Edit: I forgot to mention that the dictionary is only lowercase and has some edge cases like just an a or an e and some words have ' (like e'erand e's) there are no accentuated latin characters and they are all accii lowercase

Upvotes: 2

Answers (6)

Bodo

Reputation: 9875

The code assumes that the input has one word per line without leading spaces and will count all words that start with two ASCII letters from 'a'..'z'. As the statement in the question is not fully clear, I further assume that the character encoding is ASCII or at least ASCII compatible. (The question states: "there are no accentuated latin characters and they are all accii lowercase")

If you want to include words that consist of only one letter or words that contain ', the calculation of the index values from the characters would be a bit more complicated. In this case I would add a function to calculate the index from the character value. Also for non-ASCII letters the simple calculation of the array index would not work.

The program reads the input line by line without storing all lines, checks the input as defined above and converts the first two characters from range 'a'..'z' to index values in range 0..'z'-'a' to count the occurrence in a two-dimensional array.

#include <stdio.h>
#include <stdlib.h>

int main (void) {
    char *line = NULL;
    size_t len = 0;
    ssize_t read;

    /* Counter array, initialized with 0. The highest possible index will 
     * be 'z'-'a', so the size in each dimension is 1 more */
    unsigned long count['z'-'a'+1]['z'-'a'+1] = {0};
    
    FILE *fp = fopen("large", "r");
    if (fp == NULL)
    {
        return 1;
    }
    
    while ((read = getline(&line, &len, fp)) != -1)
    {
        /* ignore short input */
        if(read >= 2)
        {
            /* ignore other characters */
            if((line[0] >= 'a') && (line[0] <= 'z') &&
               (line[1] >= 'a') && (line[1] <= 'z'))
            {
                /* convert first 2 characters to array index range and count */
                count[line[0]-'a'][line[1]-'a']++;
            }
        }
    }
    
    fclose(fp);
    if (line)
        free(line);

    /* example output */
    for(int i = 'a'-'a'; i <= 'z'-'a'; i++)
    {
        for(int j = 'a'-'a'; j <= 'z'-'a'; j++)
        {
            /* only print combinations that actually occurred */
            if(count[i][j] > 0)
            {
                printf("%c%c %lu\n", i+'a', j+'a', count[i][j]);
            }
        }
    }

    return 0;
}

The example input

foo
a
foobar
bar
baz
fish
ford

results in

ba 2
fi 1
fo 3

Upvotes: 2

David C. Rankin

Reputation: 84579

You are started in the right direction. You do need a 2D array 27 x 27 for a single case (e.g. lowercase or uppercase), not including digits. To handle digits, just add another 11 x 11 array and map 2-digit frequencies there. The reason you can't use a flat 1D array and map to it without serious indexing gymnastics is that the ASCII sum of "ab" and "ba" would be the same.

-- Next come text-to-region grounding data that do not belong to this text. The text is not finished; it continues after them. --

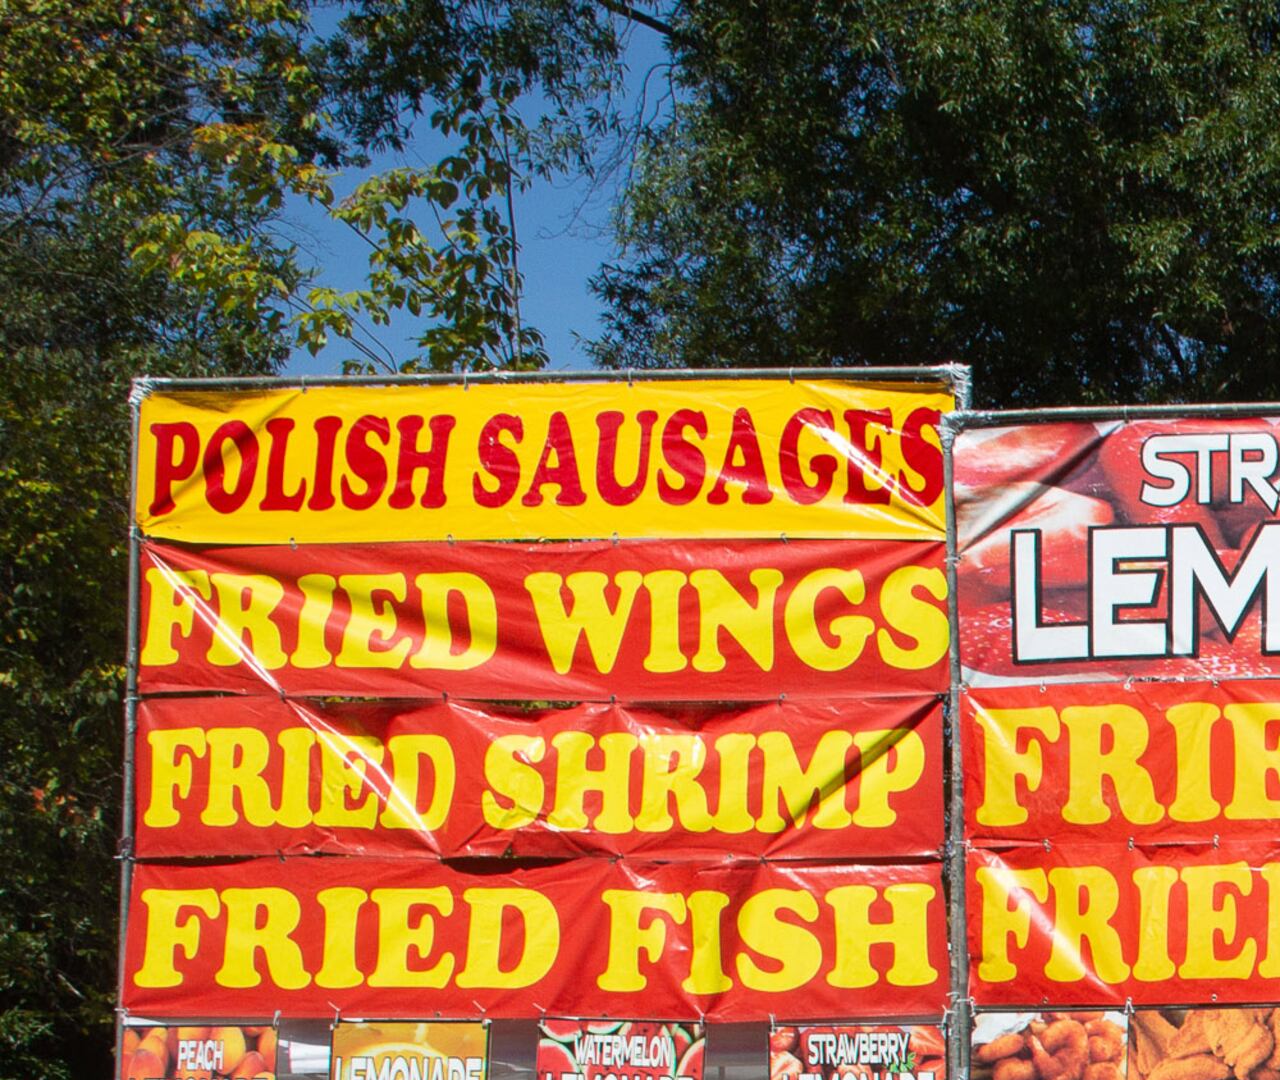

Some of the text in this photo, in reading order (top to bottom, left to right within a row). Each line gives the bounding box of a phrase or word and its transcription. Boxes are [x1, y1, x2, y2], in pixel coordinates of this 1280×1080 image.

[150, 406, 948, 516] POLISH SAUSAGES
[141, 565, 951, 675] FRIED WINGS
[143, 727, 926, 836] FRIED SHRIMP
[134, 883, 939, 996] FRIED FISH
[177, 1039, 224, 1071] PEACH
[574, 1033, 675, 1069] WATERMELON
[807, 1032, 911, 1073] STRAWBERRY

The 2D array solves that problem allowing the map of the 1st character ASCII value to the first index, and the map of the ASCII of the 2nd character to the 2nd index or after in that row.

An easy way to think of it is to just take a lowercase example. Let's look at the word "accent". You have your 2D array:

+---+---+---+---+---+---+
| a | a | b | c | d | e | ...
+---+---+---+---+---+---+
| b | a | b | c | d | e | ...
+---+---+---+---+---+---+
| c | a | b | c | d | e | ...
+---+---+---+---+---+---+
...

The first column tracks the first letter and then the remaining columns (the next 'a' - 'z' characters) track the 2nd character that follows the first character. (you can do this will an array of struct holding the 1st char and a 26 char array as well -- up to you) This way, you remove ambiguity of which combination "ab" or "ba".

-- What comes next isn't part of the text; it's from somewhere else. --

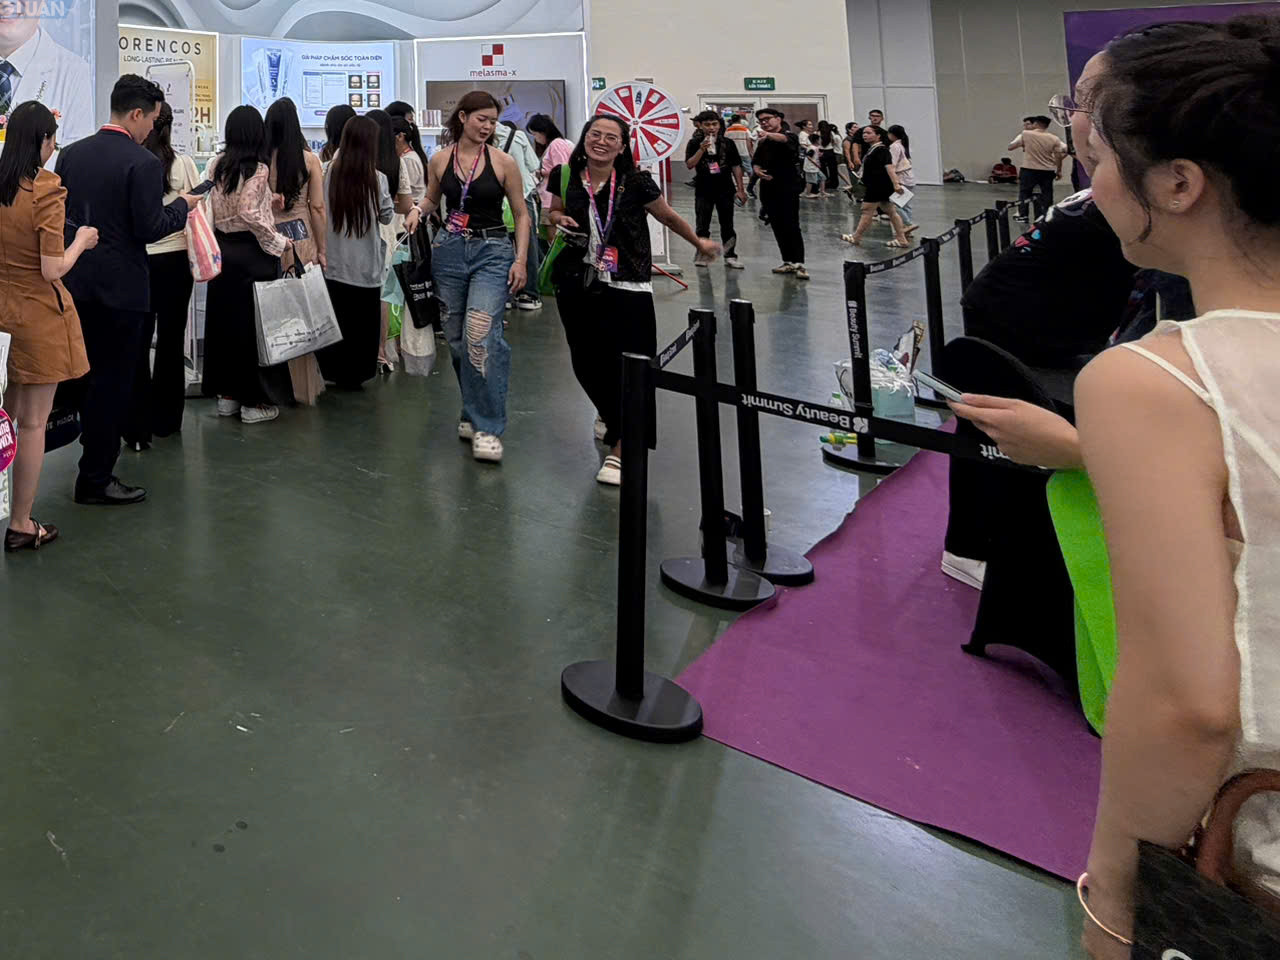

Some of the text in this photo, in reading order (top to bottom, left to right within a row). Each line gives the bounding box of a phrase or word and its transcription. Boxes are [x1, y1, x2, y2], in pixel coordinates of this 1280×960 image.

[118, 36, 202, 56] ORENCOS
[469, 68, 518, 77] melasma-x
[848, 307, 863, 359] Beauty Summit
[741, 393, 850, 428] Beauty Summit

Now note -- you do not actually need a 27 x 27 arrays with the 1st column repeated. Recall, by mapping the ASCII value to the first index, it designates the first character associated with the row on its own, e.g. row[0][..] indicates the first character was 'a'. So a 26 x 26 array is fine (and the same for digits). So you simply need:

+---+---+---+---+---+
| a | b | c | d | e | ...
+---+---+---+---+---+
| a | b | c | d | e | ...
+---+---+---+---+---+
| a | b | c | d | e | ...
+---+---+---+---+---+
...

So the remainder of the approach is simple. Open the file, read the word into a buffer, validate there is a 1st character (e.g. not the nul-character), then validate the 2nd character (continue to get the next word if either validation fails). Convert both to lowercase (or add the additional arrays if tracking both cases -- that gets ugly). Now just map the ASCII value for each character to an index in the array, e.g.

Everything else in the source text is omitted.